Many of us follow down the route that has become common place over the last 80 years, the so-called normal life: 9-5 job in a obscure occupation suggested when you were 17, or one you fell into because you didn’t have a clue what you really wanted to do at the time. Married at 30, kids at 32, buy a house and live out the days doing the same thing everyday.
Us lucky people, the choices, the opportunities and the double life.
A few years back I opted out, I hadn’t figured out what I wanted to do and what I was doing was repetitive and dull. I wanted to do my own thing, so I settled for the woods, a treehouse and the simple life of a hunter-gatherer for six months, with very little idea where it would take me. Living off about £8 a week on staples, foraging, hunting and growing veggies to make ends meet and with a bartery deal of occasional farmhand work for the land use, I became a free man.
That’s not to say I’m into all that crusty, hippy commune bollocks. It’s not really, like…my bag, man. But what that experience taught me is that there are, as there always have been, four main ingredients to life: food, water, shelter, fire. If you have all those then you are living. We fill our lives with a lot of things we don’t really need (yes I have an iphone- because they’re like a Swiss army knife- useful), but how attached to these things do you need to become beyond using it as a tool and means of communication?

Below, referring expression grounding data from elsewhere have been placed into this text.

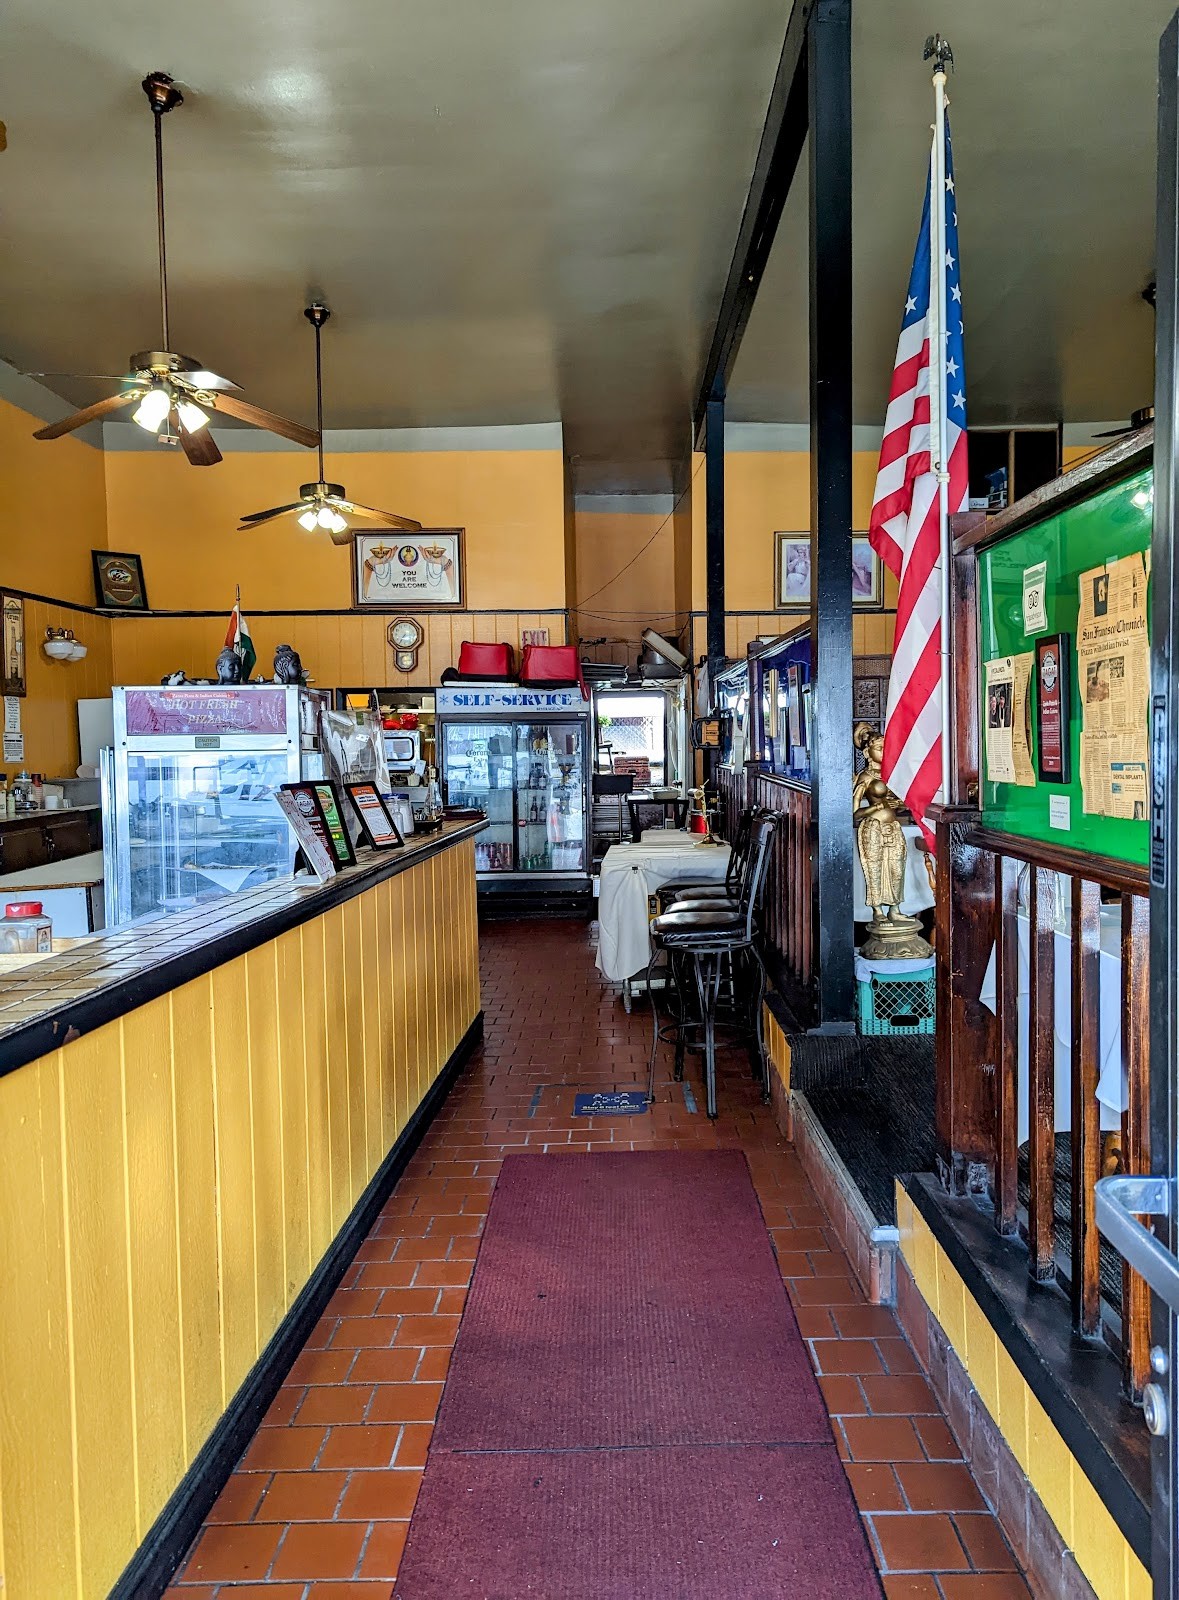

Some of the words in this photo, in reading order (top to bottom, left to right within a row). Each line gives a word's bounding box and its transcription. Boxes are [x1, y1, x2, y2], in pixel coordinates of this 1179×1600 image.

[521, 630, 547, 646] EXIT
[171, 699, 197, 710] HOT
[199, 699, 238, 710] FRESH
[453, 693, 572, 706] SELF-SERVICE
[187, 714, 222, 724] PIZZA

This isn’t a hard hitting post about how fortunate we are in the UK and how less fortunate they might in my next destination. The thought of Ethiopia conjures up one thought from my past- food, and the lack of it. I was two years old when the famine hit the country big time. So what’s it like thirty years later and how have things changed?

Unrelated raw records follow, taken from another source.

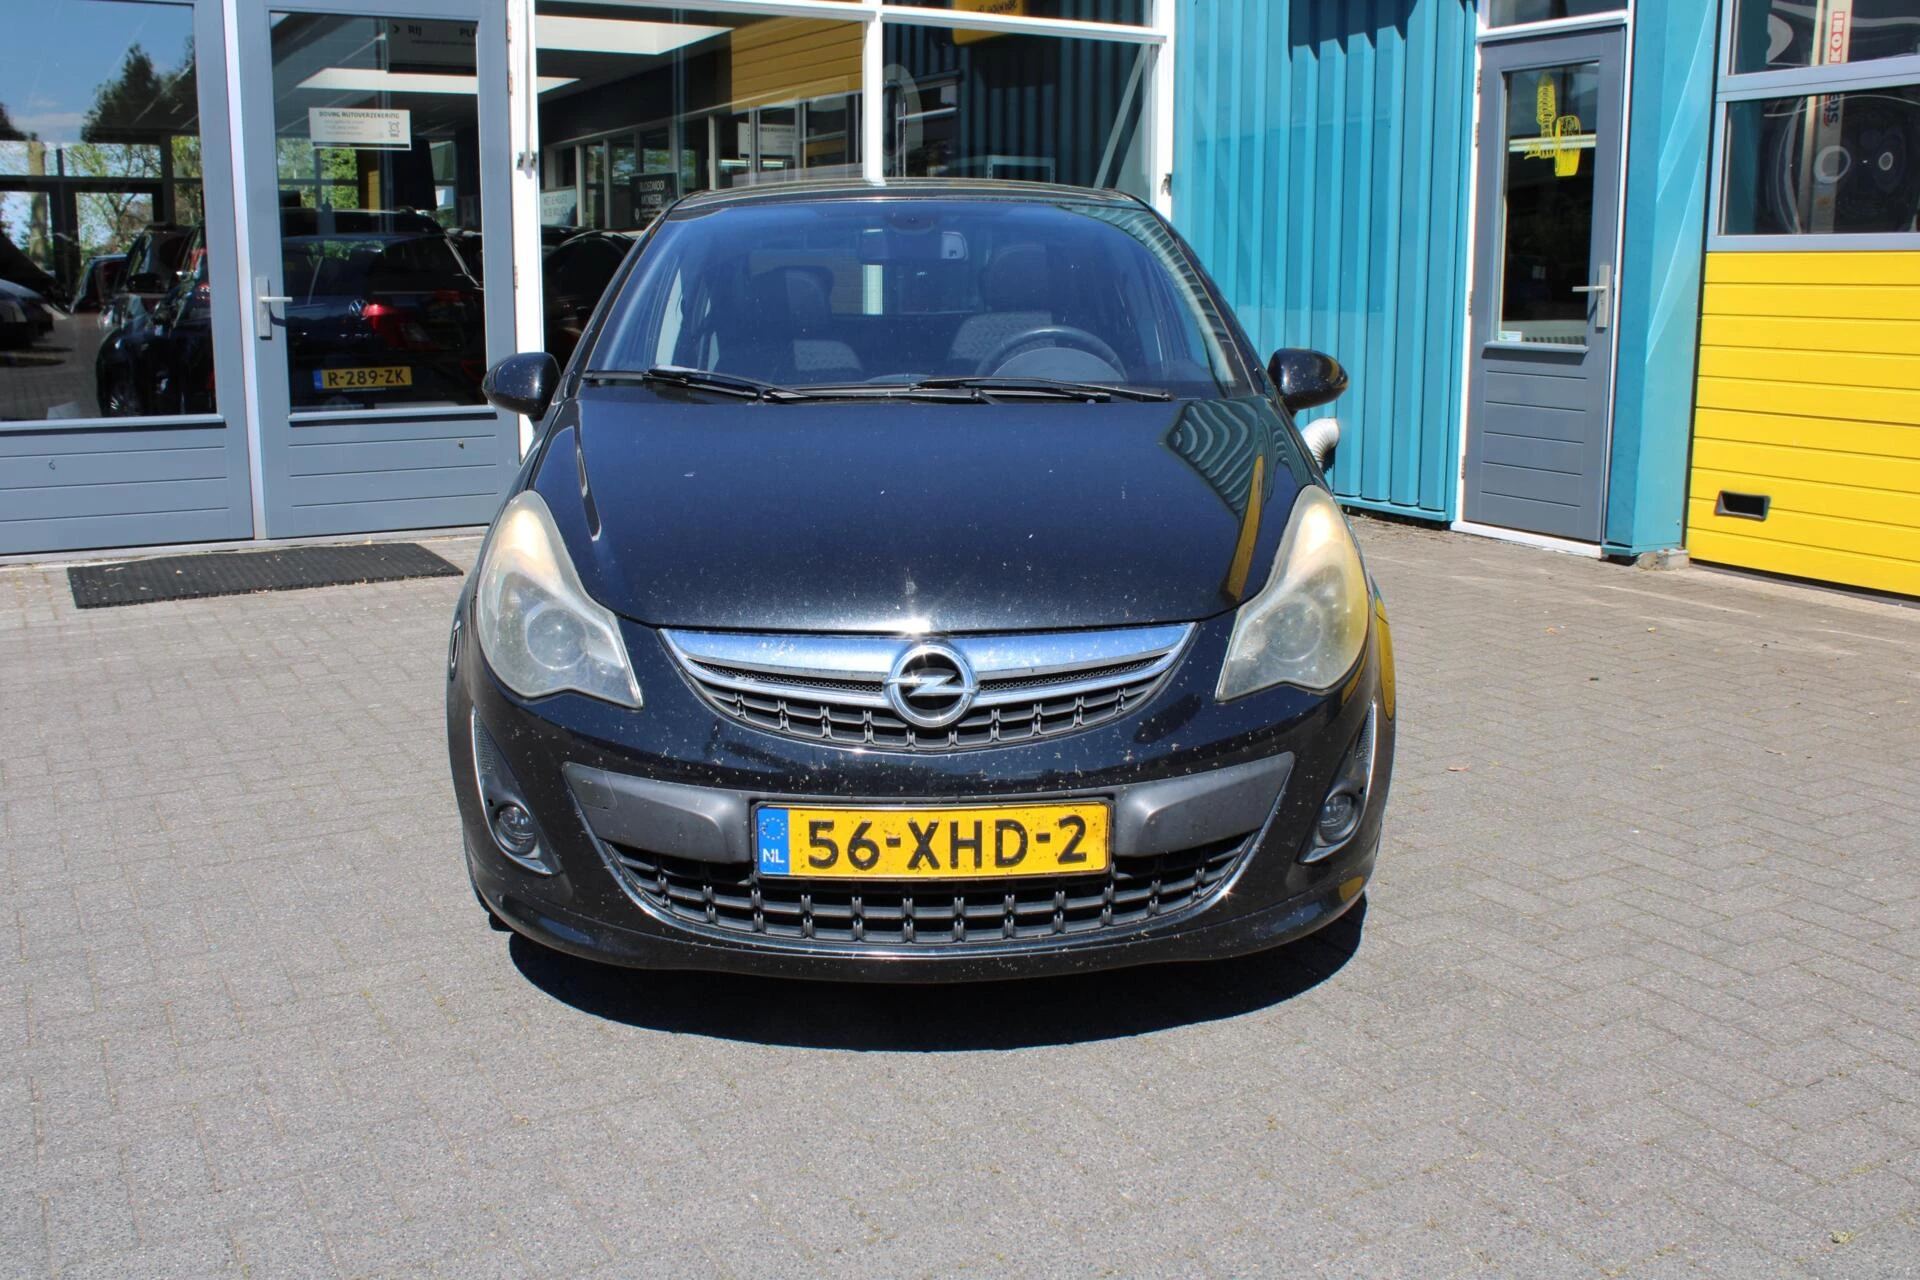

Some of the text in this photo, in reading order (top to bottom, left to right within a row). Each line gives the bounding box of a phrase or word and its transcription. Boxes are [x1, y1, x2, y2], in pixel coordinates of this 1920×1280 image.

[1830, 12, 1845, 62] KONI
[327, 368, 405, 386] R-289-ZK
[762, 848, 785, 864] NL
[808, 815, 1087, 870] 56-XHD-2
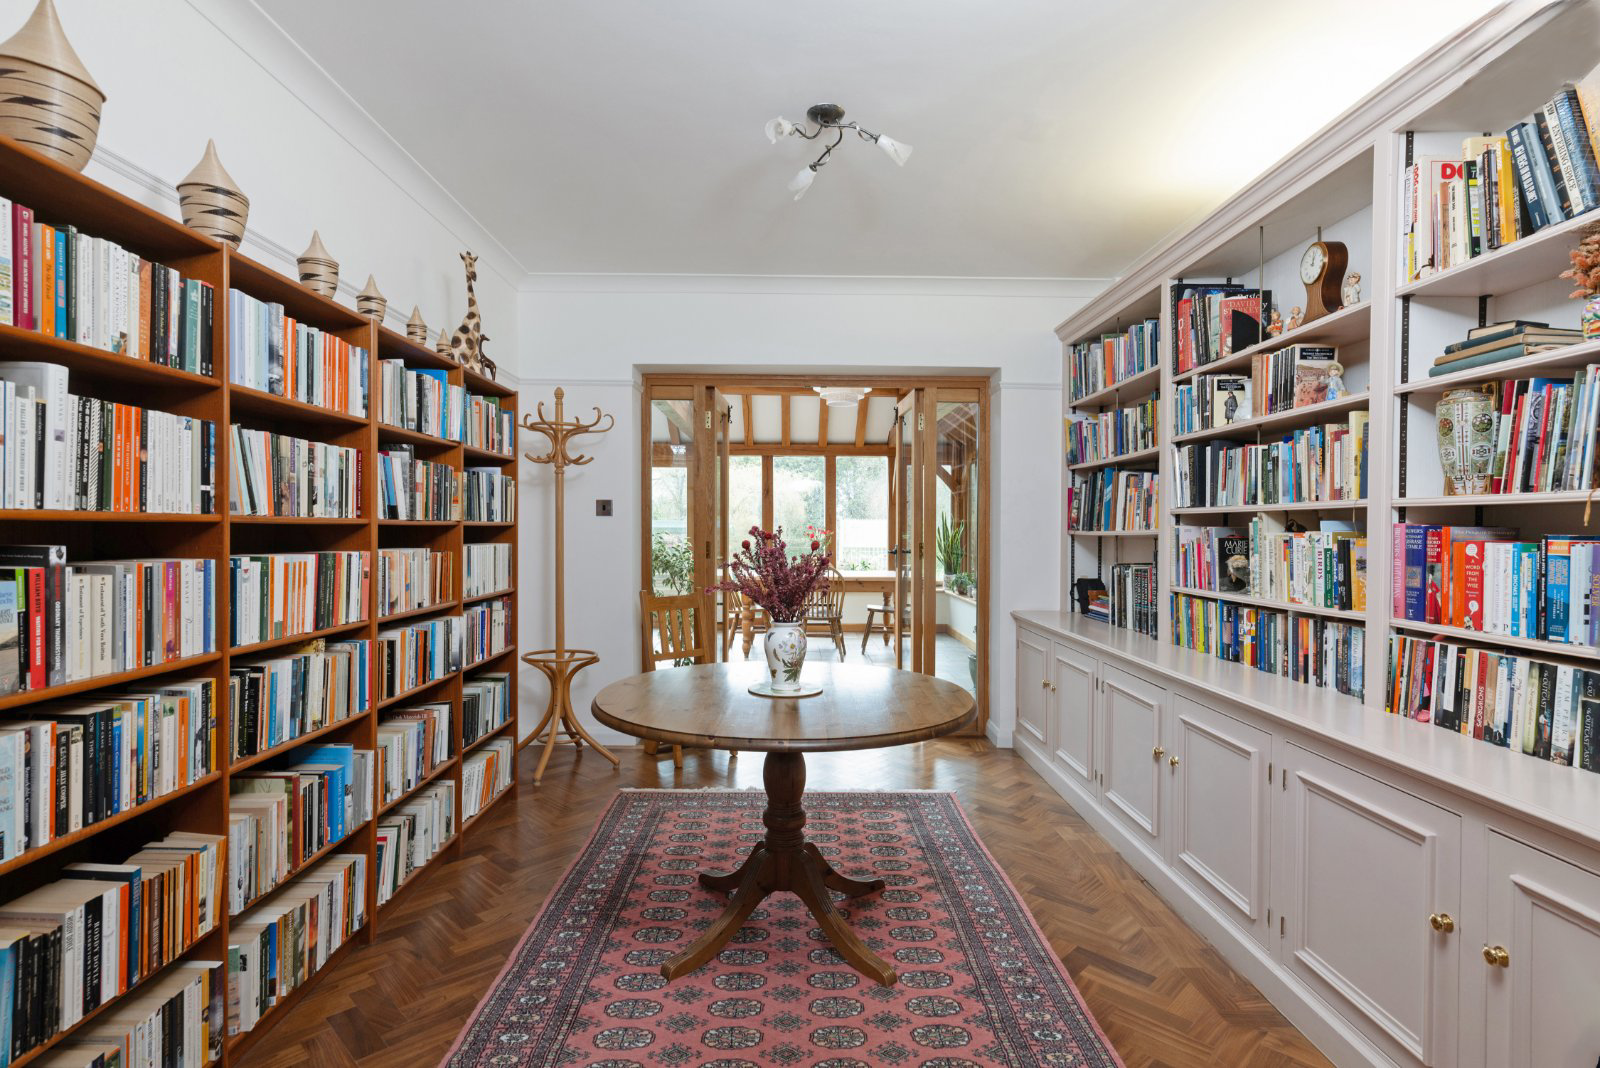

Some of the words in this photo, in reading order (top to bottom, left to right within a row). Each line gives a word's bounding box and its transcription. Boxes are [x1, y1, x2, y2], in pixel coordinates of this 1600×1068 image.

[1552, 124, 1567, 165] ENTERING
[1563, 166, 1576, 191] SPACE
[1226, 546, 1248, 554] CURIE
[1591, 574, 1599, 607] SOLVER
[1476, 685, 1484, 728] SNOWDROPS
[1540, 676, 1548, 709] OUTCAST
[1561, 708, 1569, 744] PEARS
[1583, 713, 1591, 746] OUTCAST

I don’t tend to hit up London much these days, when I do it is always a fleeting visit before heading back to the sticks, but one thing I can imagine is that I’ll be bumping into a lot more cheerful folk than I would on the London underground. In my experience of visiting places in Africa and the South Pacific in the past, people who have less are often happier. Their lives aren’t as cluttered with the unnecessary rubbish that we in the UK like to fill it with.
Talking of luck, World Vision UK have very kindly invited me out to see what has happened in Ethiopia 30 years later. I will be spending a week or so visiting some of the organisation's ADPs (Area Development Programs) this month. From projects around the capital Addis Ababa, heading north to the Antsokia valley and south to Lake Assawa. Having downsized myself a few years back a vast step beyond the idyll of Whipping-tool’s ‘River Cottage’ series, I’m eager to see how these people live, how they cook, what they eat and how they produce it, what they do for meat? I’ve heard rumours that hunting and gathering is not an option in Ethiopia, from a legal point of view. So beyond an agricultural or pastoral existence- what options are open to the people of Ethiopia?

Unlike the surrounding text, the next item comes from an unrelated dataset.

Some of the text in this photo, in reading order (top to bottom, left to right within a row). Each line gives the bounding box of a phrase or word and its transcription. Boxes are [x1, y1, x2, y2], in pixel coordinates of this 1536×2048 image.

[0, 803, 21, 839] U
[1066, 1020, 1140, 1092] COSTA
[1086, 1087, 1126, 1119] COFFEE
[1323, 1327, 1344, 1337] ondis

I’m sure there’s going to be some epic things to see, some great people to meet and some fine experiences to be had. Myself and two other writers will be reporting back what we see- Helen Graves of foodstories.com and Jo Middleton of slummysinglemummy.com
I’ve travelled a bit and I’ve been to some places and seen some stuff. I have also had my reservations about NGO’s, being a keen reader of Paul Theroux’s books, he paints the picture that they all drive around in big white 4x4’s and are responsible for creating a circle of dependence from giving aid. But that is simply one man’s opinion. I get to see it for real and pass my own judgement- not just from something I’ve read by a man I don’t know. World Vision run a very different scheme- Child sponsorship, an entirely different model. What I am there to write about is their 'Enough food food for everyone IF' campaign which is a collaboration of a variety of charities and organisation that are aiming to end the world hunger crisis.
I know what its like to be hungry, thanks to 3 months on a desert island with Channel 4 and living as a caveman for a week for Reader's Digest, but certainly not to the extent that the people of Ethiopia have in the past.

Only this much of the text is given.